─── Data extracts

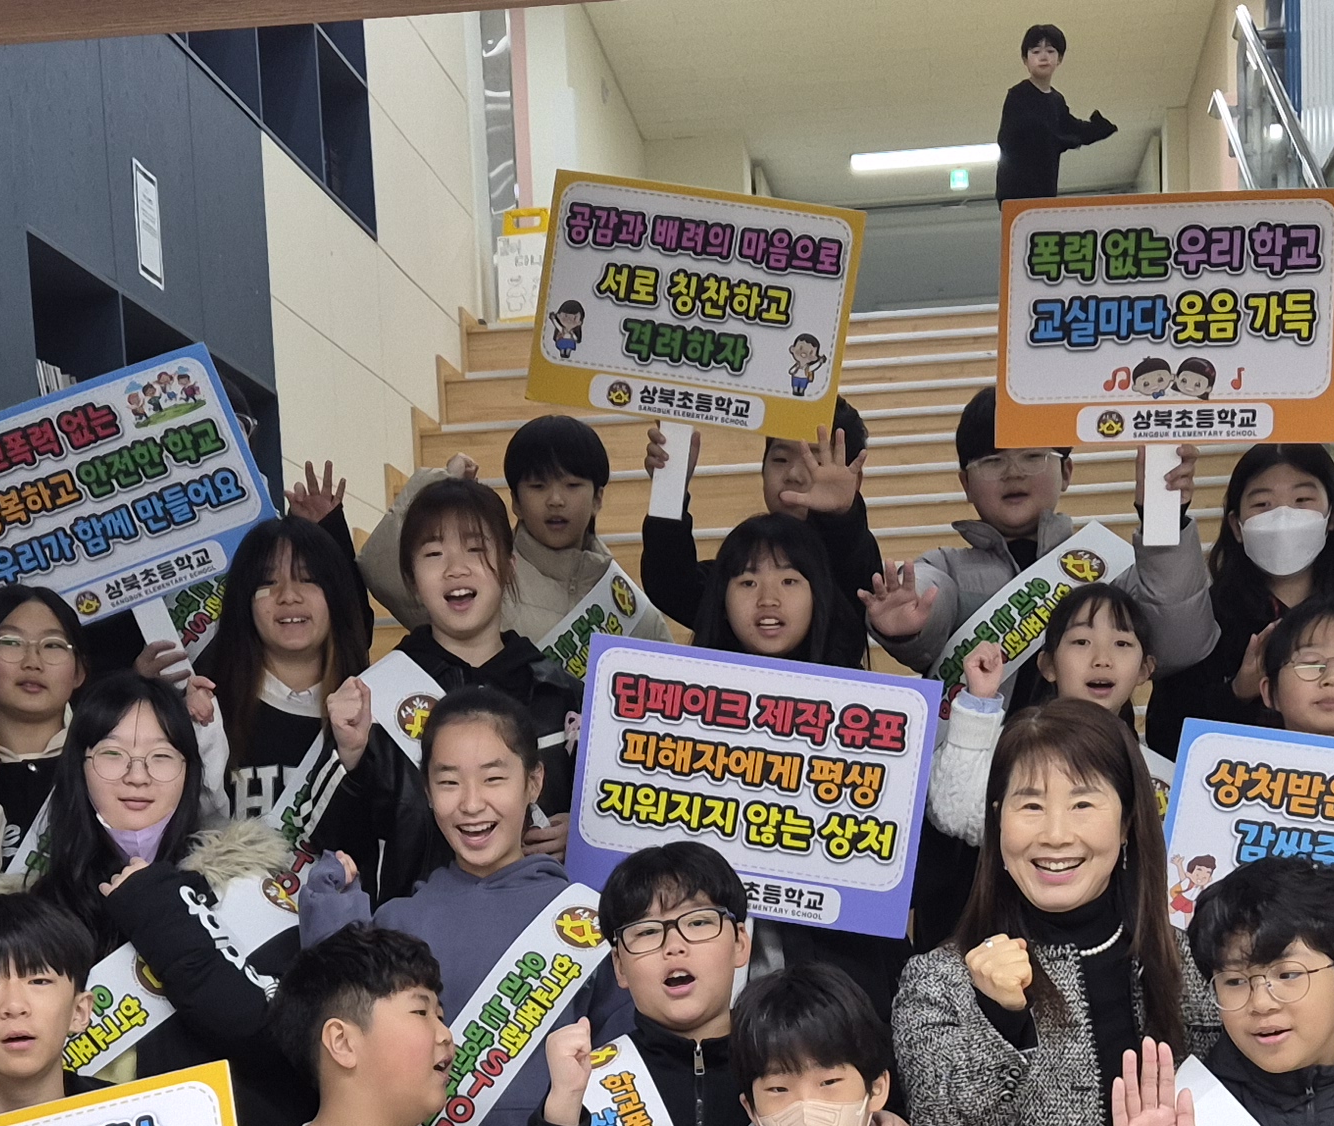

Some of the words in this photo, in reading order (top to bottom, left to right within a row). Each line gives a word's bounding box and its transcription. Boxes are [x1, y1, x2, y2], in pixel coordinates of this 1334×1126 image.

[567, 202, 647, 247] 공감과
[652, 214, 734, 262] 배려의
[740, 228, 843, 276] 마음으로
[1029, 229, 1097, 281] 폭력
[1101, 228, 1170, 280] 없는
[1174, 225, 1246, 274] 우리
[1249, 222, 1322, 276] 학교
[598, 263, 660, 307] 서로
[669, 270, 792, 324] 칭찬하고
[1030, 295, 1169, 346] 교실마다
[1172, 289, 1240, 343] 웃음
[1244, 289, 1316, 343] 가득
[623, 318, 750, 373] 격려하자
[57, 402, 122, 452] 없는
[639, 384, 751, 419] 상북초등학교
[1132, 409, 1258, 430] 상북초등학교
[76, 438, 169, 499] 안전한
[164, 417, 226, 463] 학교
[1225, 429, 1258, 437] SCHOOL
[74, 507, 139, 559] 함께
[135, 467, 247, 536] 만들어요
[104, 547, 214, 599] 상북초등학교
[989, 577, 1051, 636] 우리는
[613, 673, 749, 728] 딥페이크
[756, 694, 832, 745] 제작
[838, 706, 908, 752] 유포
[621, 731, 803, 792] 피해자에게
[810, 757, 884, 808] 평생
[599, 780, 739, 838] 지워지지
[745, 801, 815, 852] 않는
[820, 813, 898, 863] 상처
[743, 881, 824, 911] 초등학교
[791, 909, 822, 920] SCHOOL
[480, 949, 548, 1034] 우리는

──────

* [Exercise]: Copy out every entry above verbatim. Leave each picture out.

* [Written answer]:
Some of the words in this photo, in reading order (top to bottom, left to right within a row). Each line gives a word's bounding box and its transcription. Boxes are [x1, y1, x2, y2], in pixel coordinates of this 1334×1126 image.

[567, 202, 647, 247] 공감과
[652, 214, 734, 262] 배려의
[740, 228, 843, 276] 마음으로
[1029, 229, 1097, 281] 폭력
[1101, 228, 1170, 280] 없는
[1174, 225, 1246, 274] 우리
[1249, 222, 1322, 276] 학교
[598, 263, 660, 307] 서로
[669, 270, 792, 324] 칭찬하고
[1030, 295, 1169, 346] 교실마다
[1172, 289, 1240, 343] 웃음
[1244, 289, 1316, 343] 가득
[623, 318, 750, 373] 격려하자
[57, 402, 122, 452] 없는
[639, 384, 751, 419] 상북초등학교
[1132, 409, 1258, 430] 상북초등학교
[76, 438, 169, 499] 안전한
[164, 417, 226, 463] 학교
[1225, 429, 1258, 437] SCHOOL
[74, 507, 139, 559] 함께
[135, 467, 247, 536] 만들어요
[104, 547, 214, 599] 상북초등학교
[989, 577, 1051, 636] 우리는
[613, 673, 749, 728] 딥페이크
[756, 694, 832, 745] 제작
[838, 706, 908, 752] 유포
[621, 731, 803, 792] 피해자에게
[810, 757, 884, 808] 평생
[599, 780, 739, 838] 지워지지
[745, 801, 815, 852] 않는
[820, 813, 898, 863] 상처
[743, 881, 824, 911] 초등학교
[791, 909, 822, 920] SCHOOL
[480, 949, 548, 1034] 우리는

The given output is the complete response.